-- Data listing follows --
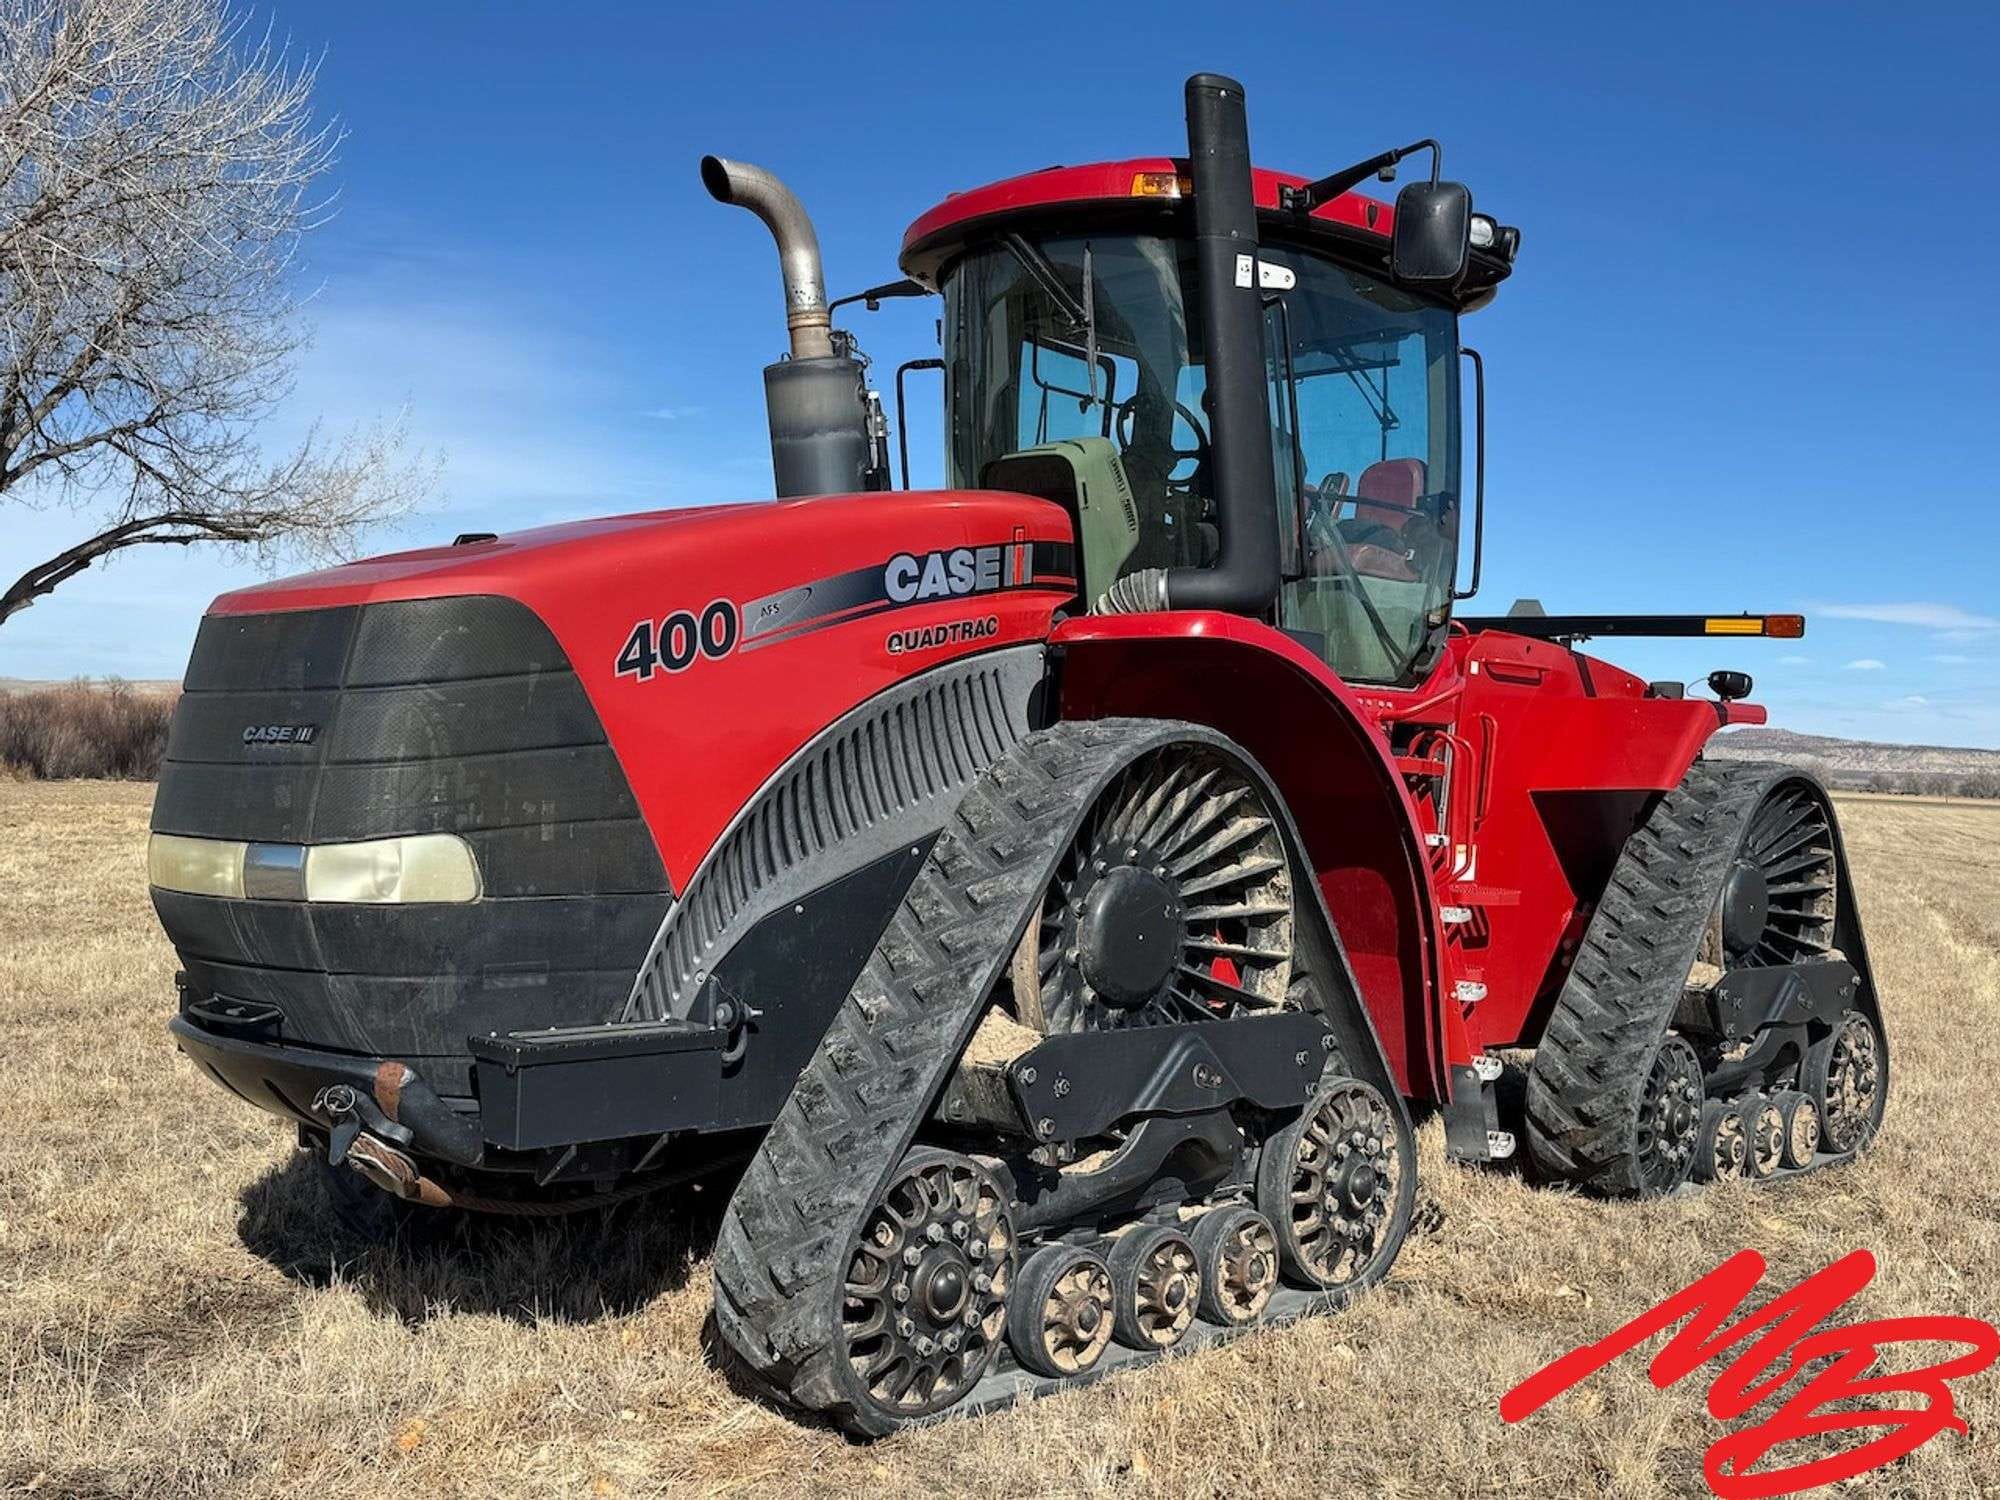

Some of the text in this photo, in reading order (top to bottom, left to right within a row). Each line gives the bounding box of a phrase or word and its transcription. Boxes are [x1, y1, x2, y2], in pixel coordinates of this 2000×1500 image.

[885, 547, 1000, 602] CASE
[760, 602, 780, 617] AFS
[615, 598, 739, 682] 400
[886, 615, 999, 654] QUADTRAC
[242, 726, 293, 741] CASE
-- Data listing concluded --
Copy each line of the records precisely and drop any images they hold.

Some of the text in this photo, in reading order (top to bottom, left to right within a row). Each line gives the bounding box of a phrase or word and its transcription. Boxes are [x1, y1, x2, y2], in pixel coordinates of this 2000×1500 image.

[885, 547, 1000, 602] CASE
[760, 602, 780, 617] AFS
[615, 598, 739, 682] 400
[886, 615, 999, 654] QUADTRAC
[242, 726, 293, 741] CASE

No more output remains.